Kapilvastu Museum in Nepal, Museums
There is an array of magnificent museums situated all over the beautiful country of Nepal, each with their own beauty and distinction. In the case of the Kapilvastu Museum diversity also belongs within the Nepali museum, with its abundance of past history reserved in its mass collection of artifacts.
The Museum is located approximately 26km away from the little town of Lumbini in Tilaruakot, Nepal. It is at Kapilvastu Museum that you will also find the archaeological ruins of the once gracious Tilaurakot Palace complex, renowned because of its direct association to the original birthplace and home of ‘Lord Buddha’. Interestingly as Buddha was growing many knew him as the Shakya dynasty prince until he renounced his identity just 29 years after his birth so as to search out enlightenment. However, it must be noted that no clear evidence has ever been unearthed to confirm these details.
The legend carries on and speaks of the garden of ‘Lumbini’ and is mentioned in different parts of the early scriptures with titles like: Lumbini Canana, Lumbini Upavana, Lumbini Vatica and Lumbini Cittalavana and is situated along the banks of the river Telar on the extreme edge of the magnificent Sakya Kingdom of Kapilvastu.
The legend goes on to speak of the queen of the Sakya King Sudhodhana of Kapilvastu, Maya Devi, who whilst heavily pregnant began to slowly make her journey to her maternal home in Devadaha. It was along this way that she happened to come across the little town of Lumbini. It was dark with a full moon, the month was called Vaisakha, about 623 years before the birth of Christ. It was on this particular occasion that she took to dipping her heavily pregnant body into the Sakya Puskarini, thereafter she proceeded to make her way north.
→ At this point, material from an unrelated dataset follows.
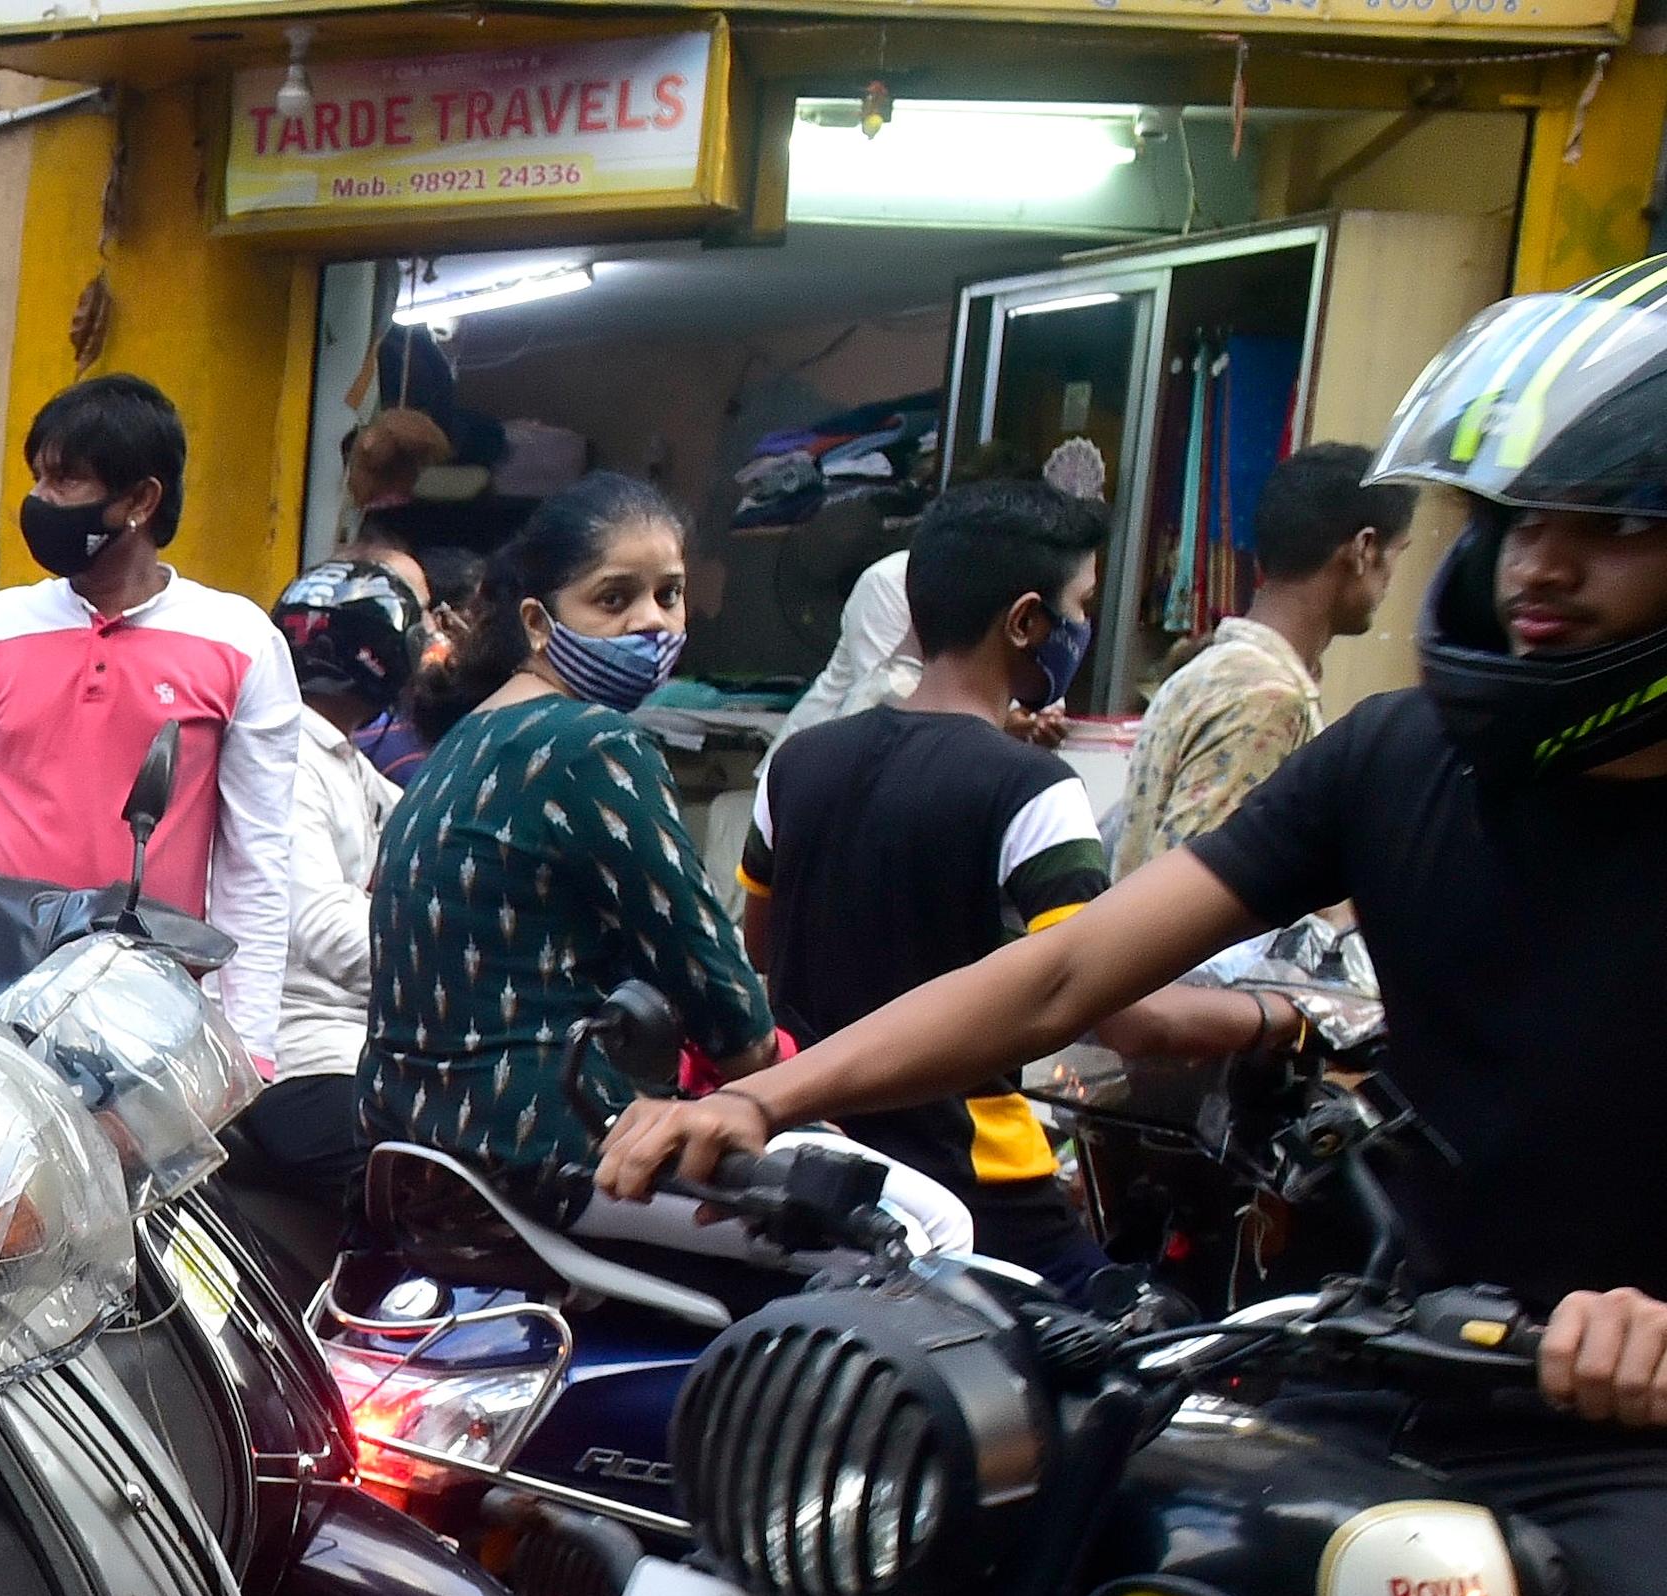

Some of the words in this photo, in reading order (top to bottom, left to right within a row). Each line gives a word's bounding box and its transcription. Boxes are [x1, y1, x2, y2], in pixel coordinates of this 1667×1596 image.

Then suddenly the Queen went into labor forcing her to grab hold of a branch on the Sala tree thus Queen Maya Devi finally gave birth to ‘Lord Buddha’.
Museums have always fascinated people, because for a short period of time you’re whisked away to a new world filled with legends past down from one family to another, daily hardships and past joys. In some cases you will find evidence dating from the seventh century B.C. all the way to the fourth century AD. Its then that it begins to dawn on you that although times have changed, people were still like you and me, the difference is they lived thousands of years ago. All of this can be found here in the Kapilvastu Museum. Amongst all the Nepali museum’s artifacts you will find intriguing collections of coins, toys, ornaments and pottery, each with a tale to tell. The most special of all the collections is the matchless assortment of jewelry pieces, most in pristine condition.
The Kapilvastu Museum is open every day except on a Thursday and any government holidays throughout the year.